Circondata da inglesotte floride e indiane mozzafiato, costretta a subire il fascino sottile delle orientali, spiccava per insipidità e malagrazia.
Indossava un paio di occhiali da vista dalla montatura nera, enormi, senza i quali era quasi del tutto cieca. Malgrado il primo giorno del primo anno le avessero detto, per confortarla, che gli occhiali demodé fossero di gran moda a Hogwarts, non le risultava che nessuno si fosse mai sognato di inforcare quegli abominii di plastica pesante da babbana.
Aveva i capelli lisci, sottili e di uno sgradevole color topo, e la frangetta le adombrava gli occhi enormi e castani facendole assumere un’espressione inquietante, intimidatoria.
Era acida e freddolosa e bassa ed era piatta come una tavola. Era una per cui “curve giuste al posto giusto” significa che su una strada di montagna nessun gard rail ha ancora ceduto.
Camminava con la testa incassata fra le spalle, gli occhi fissi a terra davanti a sé per non inciampare e per non incontrare sguardi indesiderati: era una solitaria; amava pochissime persone, e quasi la metà le conosceva sin dal suo primo anno a Hogwarts. Solo con un po’ di sforzo avrebbe confessato che, malgrado tutto, amava anche quei genitori squinternati che la salutavano con la mano dalla banchina, occhialuti e infagottati in verde e marrone.

Consegnò il baule assicurandosi che lo posizionassero adeguatamente –conteneva oggetti molto fragili, spiegò al facchino, e salì sui gradini di lamiera che portavano al secondo vagone.

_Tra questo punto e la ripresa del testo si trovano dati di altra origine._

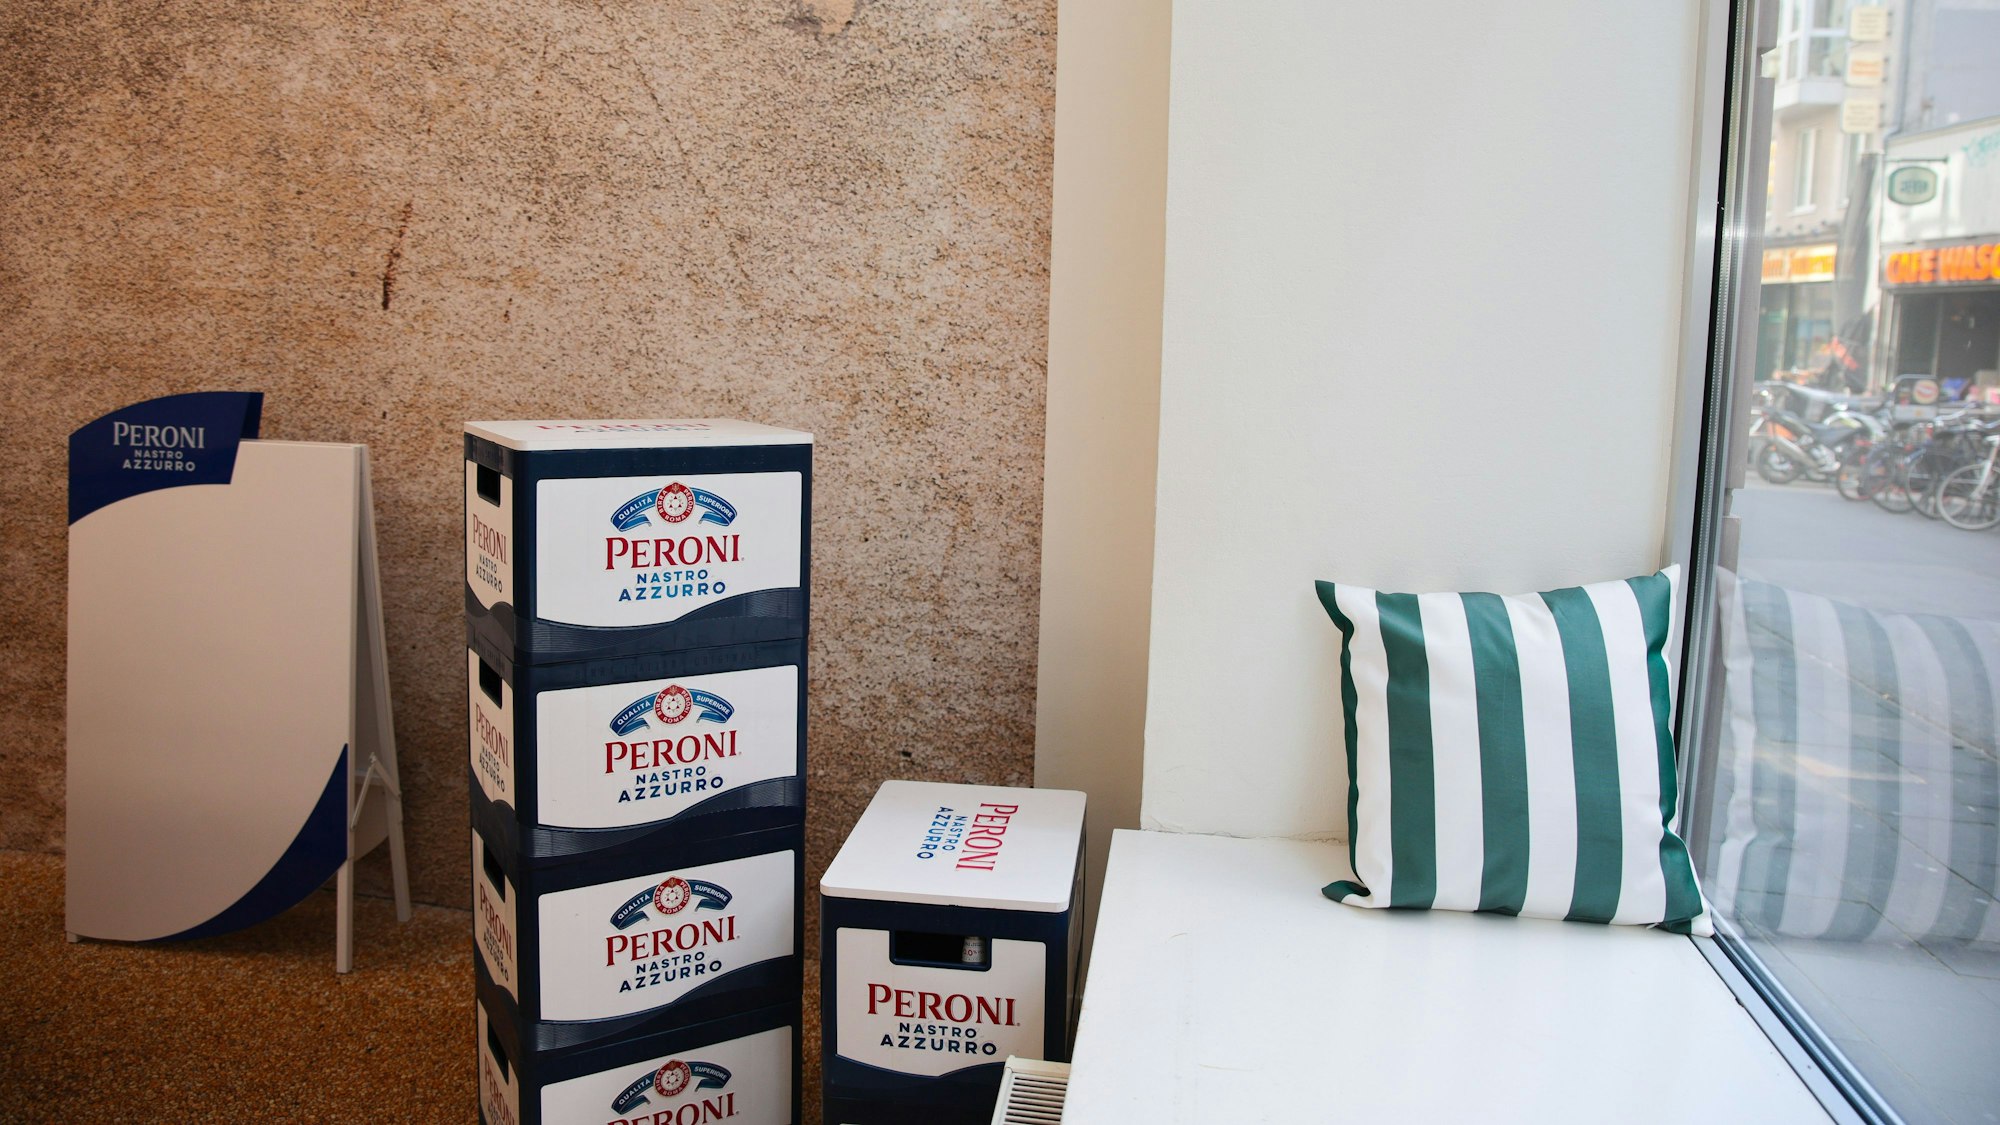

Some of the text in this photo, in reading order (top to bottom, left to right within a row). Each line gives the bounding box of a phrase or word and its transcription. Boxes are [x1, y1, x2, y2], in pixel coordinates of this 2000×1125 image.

Era quasi confortata, e il puzzo abituale di nafta la rassicurava col calore di un’abitudine consolidata negli anni.
Una tacita convenzione voleva che quello fosse il luogo designato alla prima riunione annuale del gruppo sparuto di Corvonero di cui faceva parte, tre adolescenti variopinti che erano un’estensione naturale della sua famiglia quand’era a scuola.
Patrick, Lola e Thelma erano stati selezionati durante lo smistamento, e Mary Sue ringraziava ancora la fortunata coincidenza che l’aveva portata a sedersi accanto a loro durante la sua prima, terrificante cena a Hogwarts.
Aveva scelto le ragazze per i loro nomi aberranti, e aveva capito di essere loro amica quando l’aveva ammesso in una confessione forzata e loro avevano riso di gusto; mal comune mezzo gaudio, si dice, ma quel giorno le era sembrato che il gaudio fosse completo.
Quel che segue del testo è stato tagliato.